Version-Release number of selected component (if applicable):

3.6.0
Comment 4 Ori Liel 2020-02-17 10:03:02 UTC 
The documentation in the provided link seems to be outdated (says: "Updated February 28 2014")

Ovirt was indeed initially designed for users with administrator permissions. Later on it became necessary to open part of it to non-admin users.

Nowadays admins may access anything is the API, and non-admins have specific access according to the roles they have on specific entities.

For exammple, if Ori has UserRole for VM_1, then GET .../api/vms done by Ori would return VM_1, but not other vms in the system. And Ori may do operations on that VM, etc.

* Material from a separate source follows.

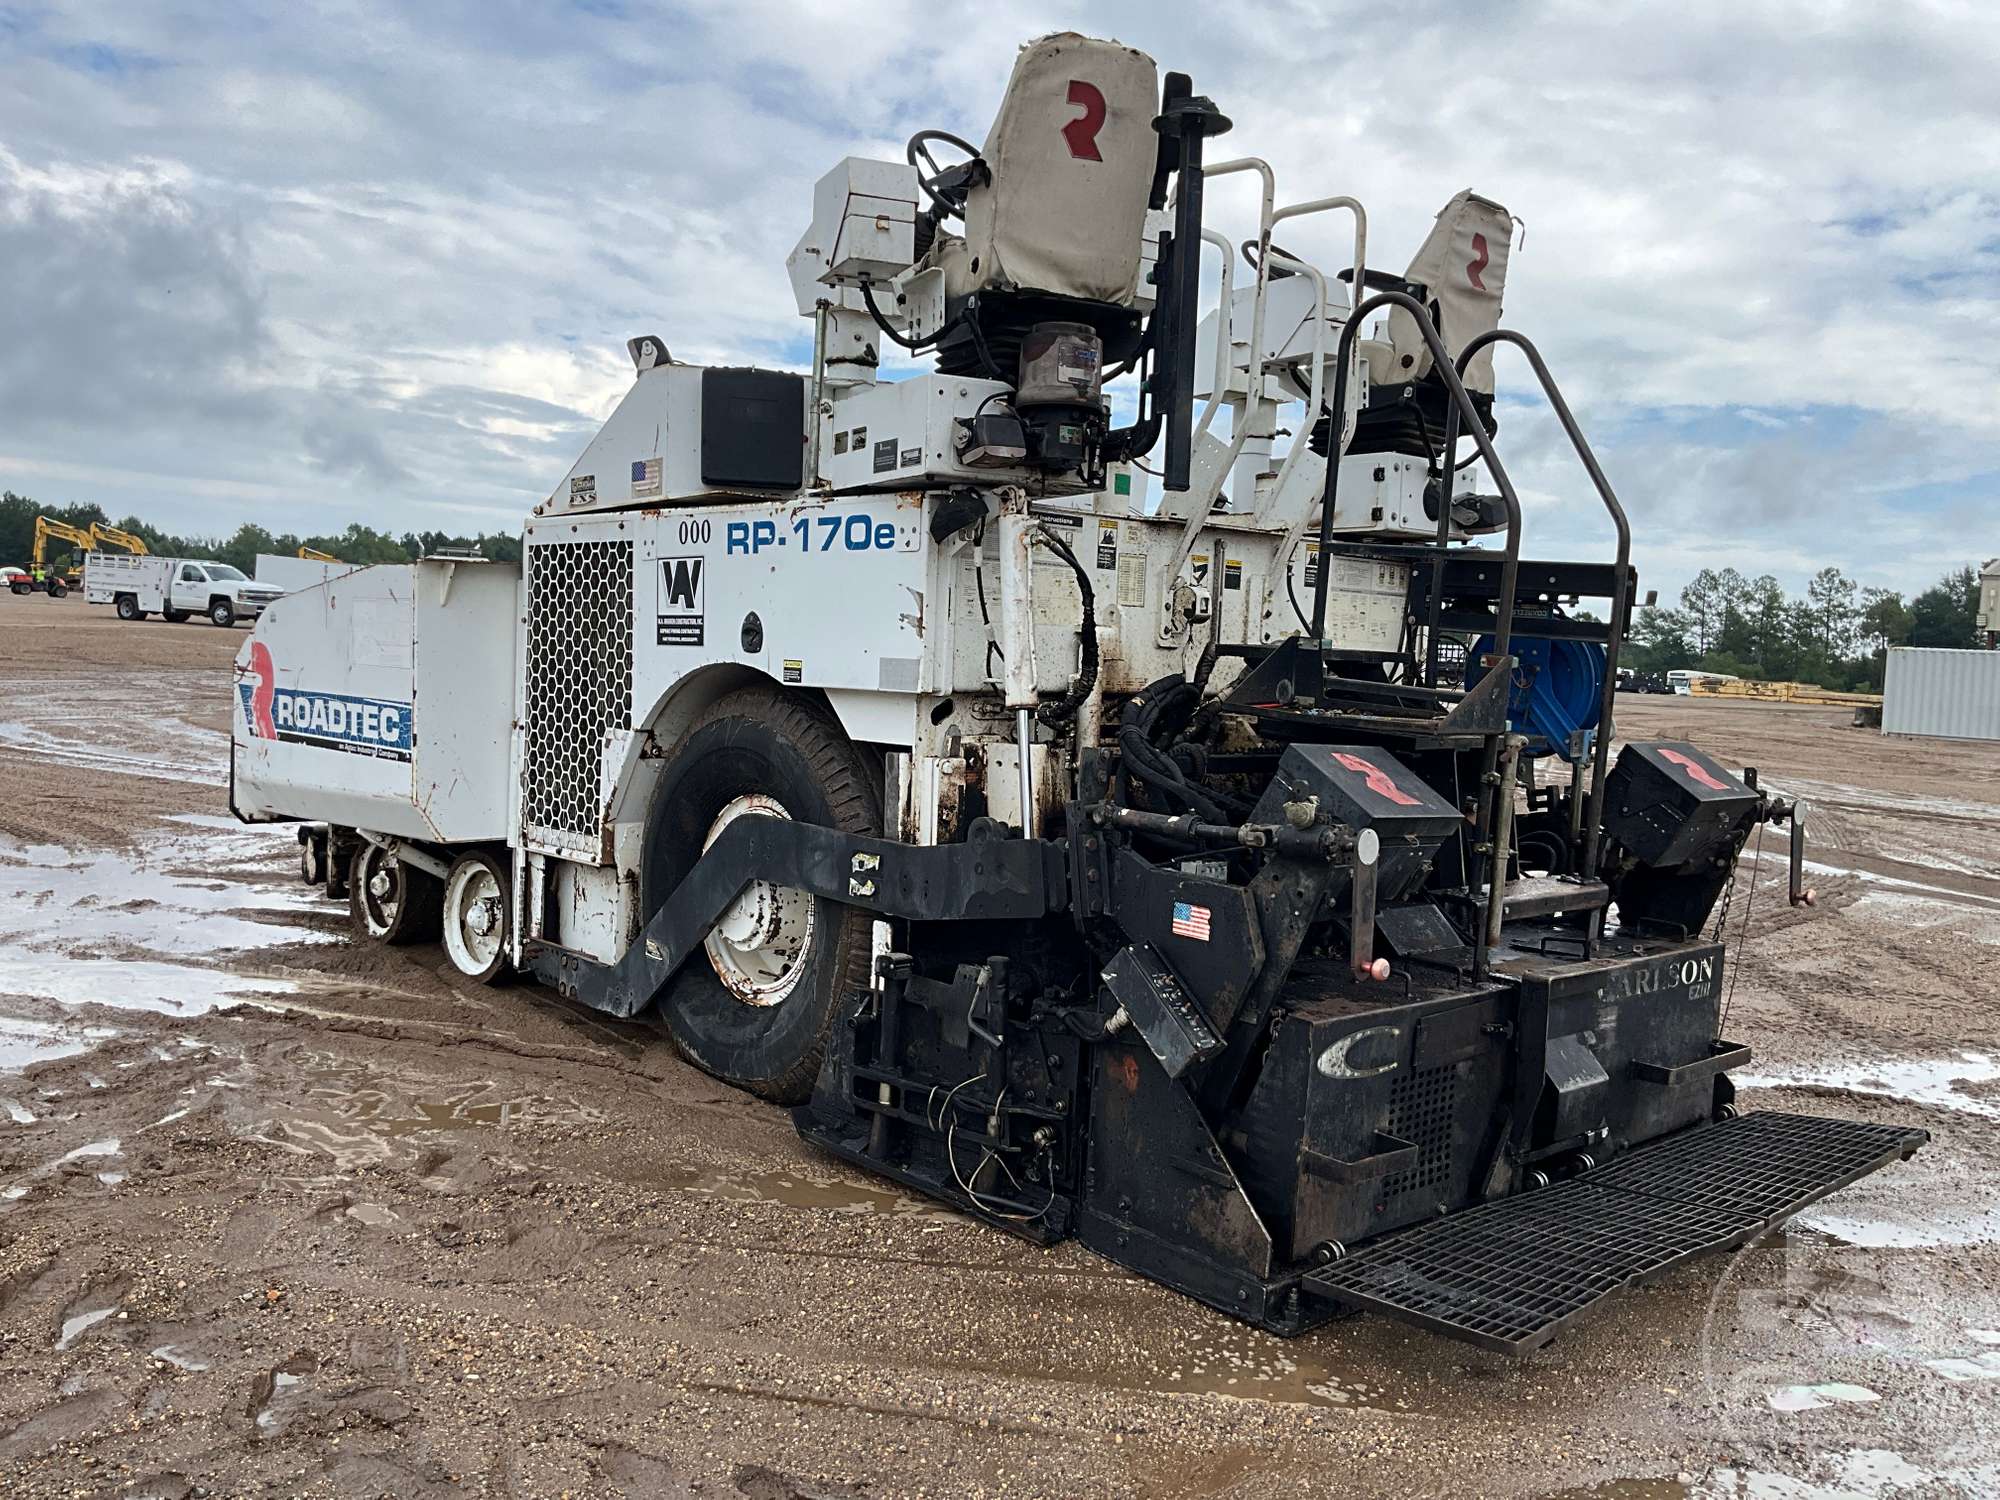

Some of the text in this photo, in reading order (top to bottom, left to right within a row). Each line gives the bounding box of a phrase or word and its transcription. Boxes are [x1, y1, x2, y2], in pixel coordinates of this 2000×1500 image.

[727, 514, 895, 555] RP-170e
[277, 694, 400, 742] ROADTEC
[1597, 956, 1715, 1003] ARLSON

One exception to this is that an admin may choose to masquerade as a user, choose to see only entities which he has specific permission for, by providing filter=true flag to his API requests.
Comment 5 Martin Perina 2020-02-17 10:11:30 UTC 
As a general rule following should apply to RESTAPI (and the same is used for webadmin UI):

  - If a user has assigned at least one admin role, he can read information about all entities in the RHV installation, but he can write only to entities he has the admin permissions for
  - If a user has assigned only user role(s), he can read and write only to entities he has permissions for

Moving to documentation team to update relevant parts of RHV documentation, but I think also the KCS article should be updated.